Chemo Is (Completely) Depilatory
Yes, with most chemo treatments, you lose your hair…everywhere. The worst for me wasn’t the hair on my head (which, sadly, fell out on my 39th birthday). It was my eyelashes and my nose hair, because my eyes wouldn’t stop watering and my nose wouldn’t stop running. I also hated losing my sideburns, because then, even while wearing a hat, I looked like a total baldy. (Unlike some chemo patients, I didn’t go in for the whole wig thing, as it just never felt like “me.” I was, and remain, a hat person.) After my treatments ended, my hair didn’t start to reemerge for another month or so — though all I cared about at first was getting back my sideburns, so I didn’t look like so much of a sick person.
Chemo Is Hilarious
What can you do, once you’ve lost your hair, your appetite, your energy, and your autonomy? You embrace just how ridiculous your life has become. At least, I did. My sister stayed with me for the duration of my treatments, and after I lost my hair, she bought me a set of fake “hillbilly teeth.” The combination of my bald head, translucent skin, hollow eyes, and crooked false teeth sent us both into hysterics. We also watched a LOT of true crime, and if there’s one thing we learned from our viewing, it’s that some people are really, really stupid. And really, really stupid people attempting to commit crimes can be really, really funny, especially when you’re watching them in the wee hours of the morning while on a myriad of painkillers.
Chemo Is Empowering
It might sound cliché, but it’s true: once you’ve lived through something so devastating, everything else in life seems trivial. You realize just how strong you are, and you realize what (and who) is really important. Being confined to bed forced me to focus on myself, something I’d never really done before. And it gave me time to write, when I was feeling up to it. Before my diagnosis, I’d always put everyone and everything else before myself and my writing career — but with nowhere to go and nothing to do and a brain that was still (somehow, miraculously) functioning, I had no choice. Towards the end of each infusion cycle, I’d have a few good days, and I’d write for hours at a time. I wrote as if my life depended on it…and in a lot of ways, it did.

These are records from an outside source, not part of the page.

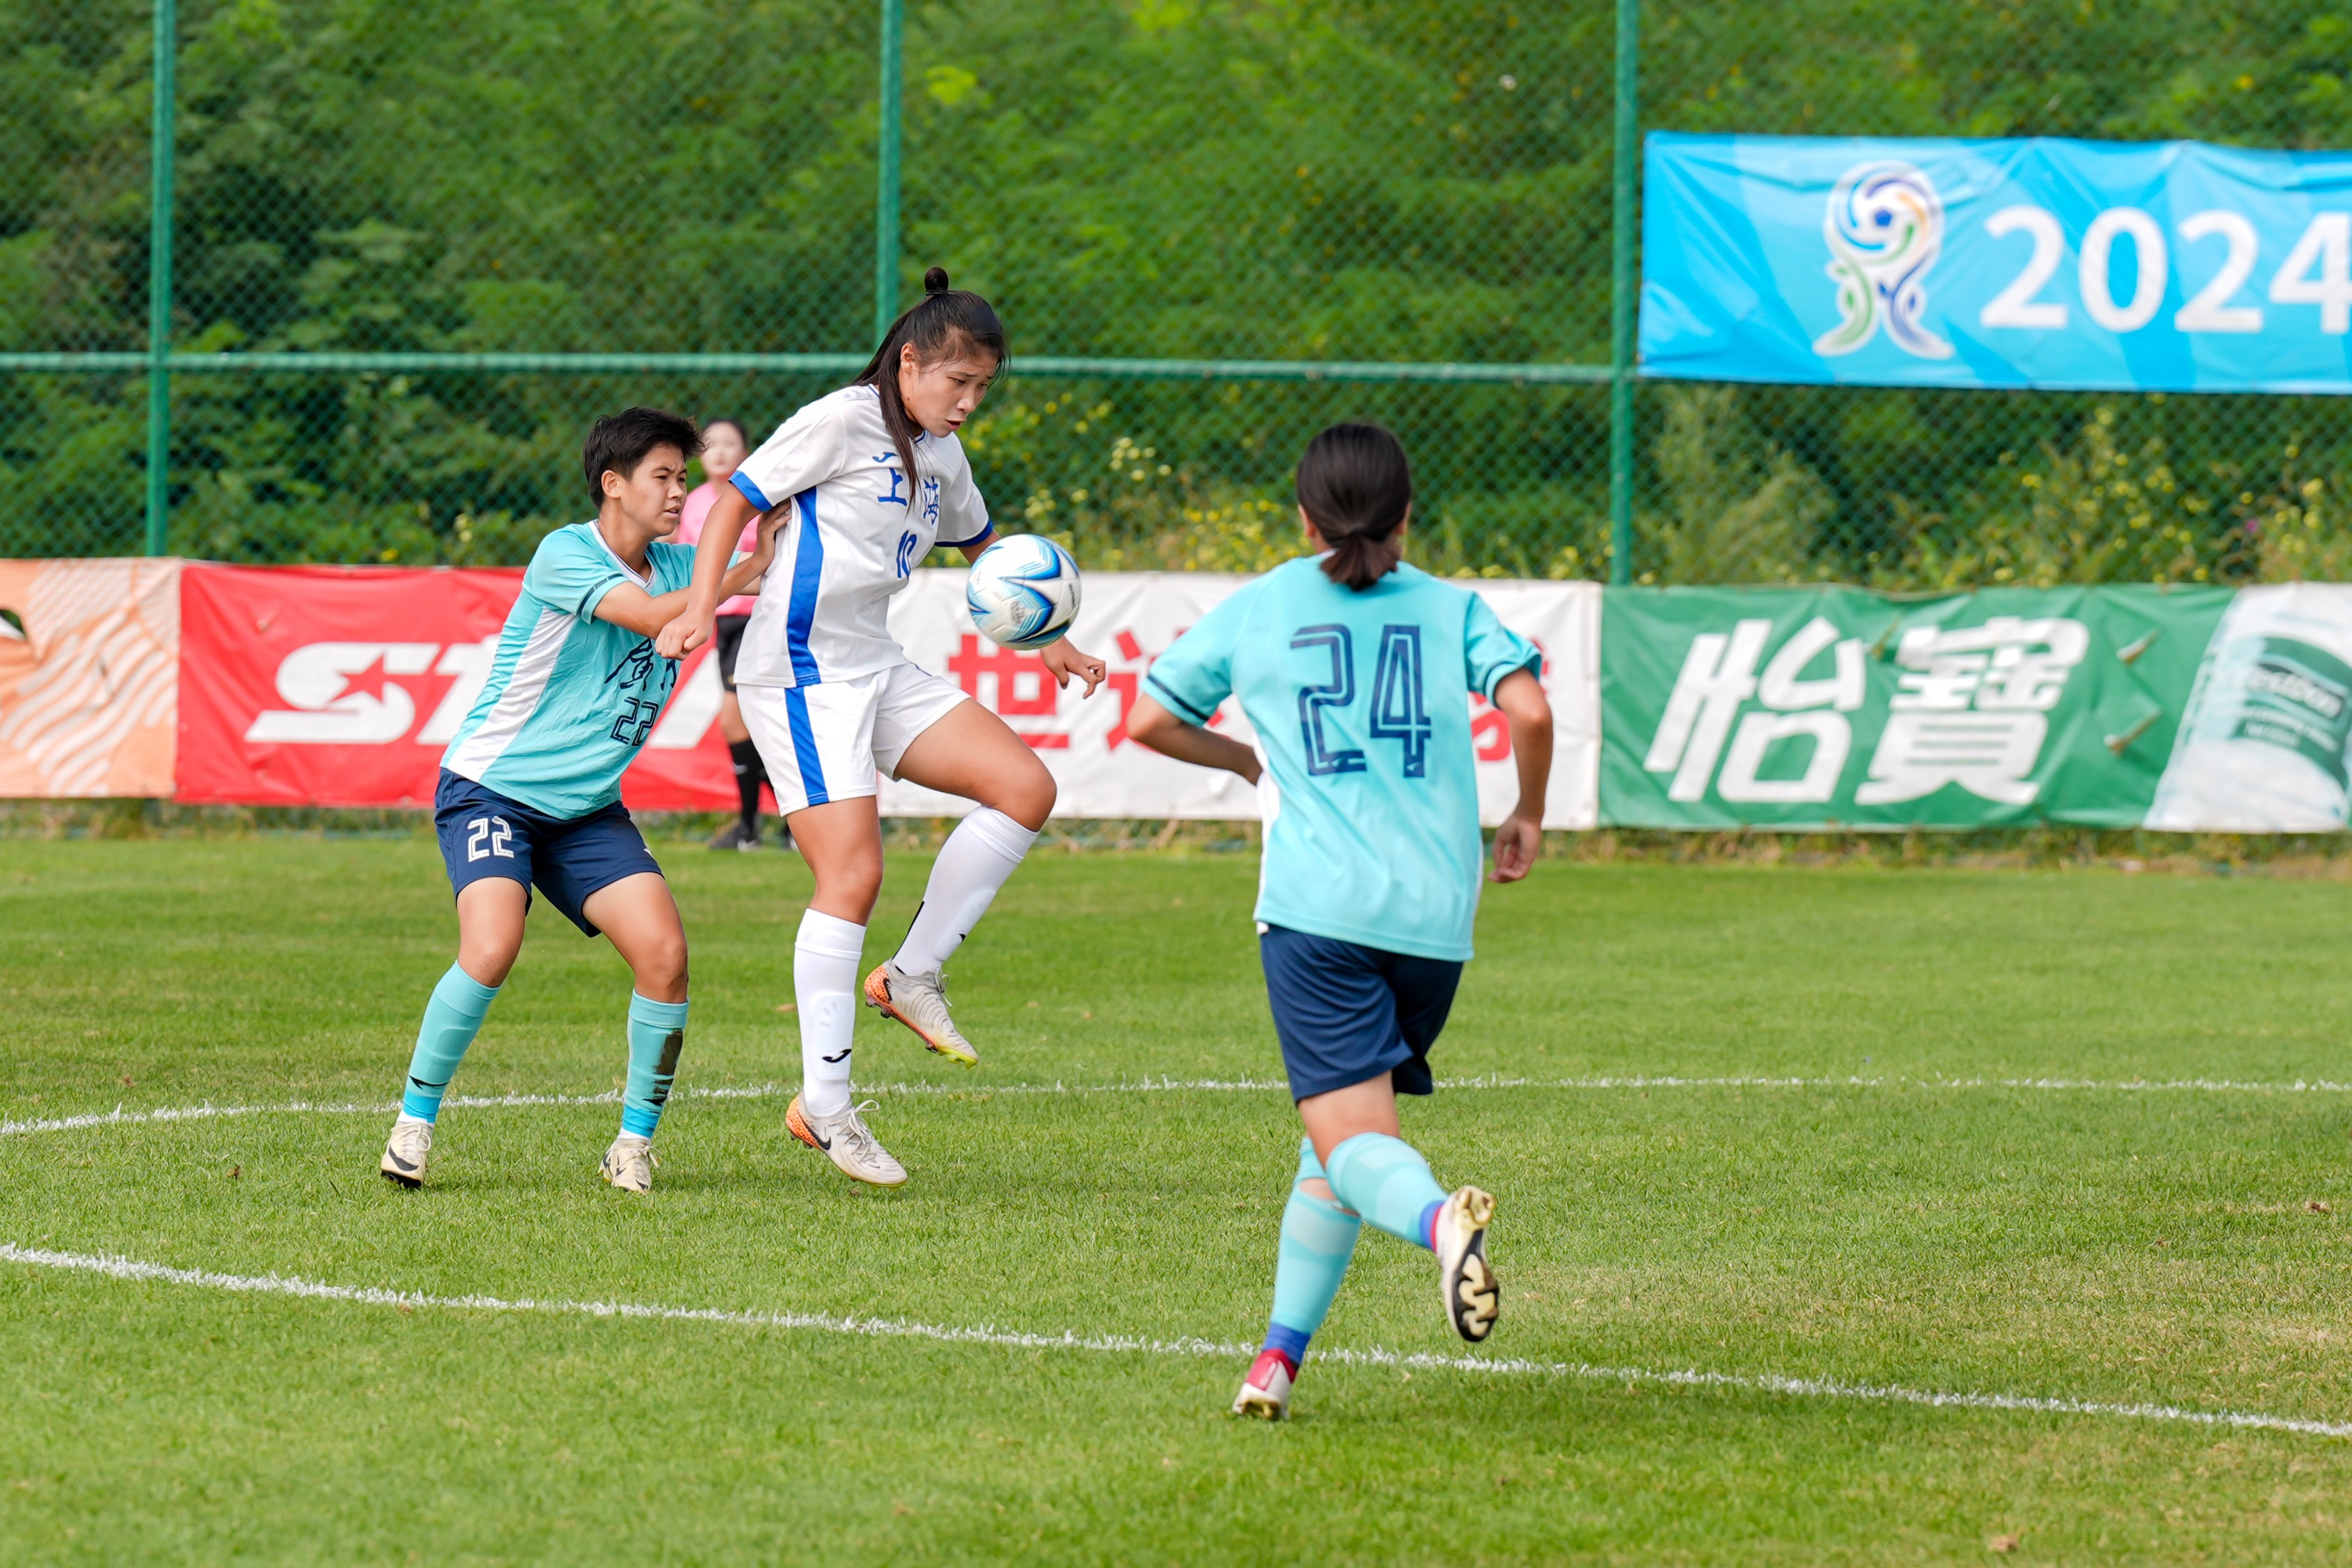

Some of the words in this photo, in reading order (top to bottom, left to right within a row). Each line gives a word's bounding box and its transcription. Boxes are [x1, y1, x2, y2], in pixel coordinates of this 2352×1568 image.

[1979, 204, 2352, 334] 2024
[610, 697, 659, 747] 22
[1289, 624, 1431, 779] 24
[1643, 614, 2090, 806] 怡寶
[467, 815, 515, 863] 22

Chemo Is Not Forever. (Though Some Side Effects Are.)
My last day of treatment was October 4, 2010. I will never forget that day, and the moment I was wheeled out of the hospital (and away from all those smells) and filled my lungs with fresh air. But it took a while for the drugs to leave my system, and for the side effects to disappear. I got back to normal, eventually, but not everything returned as it was before. All of my hair grew back, except for my right nostril, which is now chronically runny. I still have a hard time looking at (let alone eating) turkey sandwiches. I still can’t get enough delicious, delicious eggs. And above all, I can’t — and won’t — stop putting myself and my writing first. I’ll be five years cancer-free in a few months, and while I can hate chemotherapy for a lot of reasons, I know it saved my life — and it forced me to put my life in order.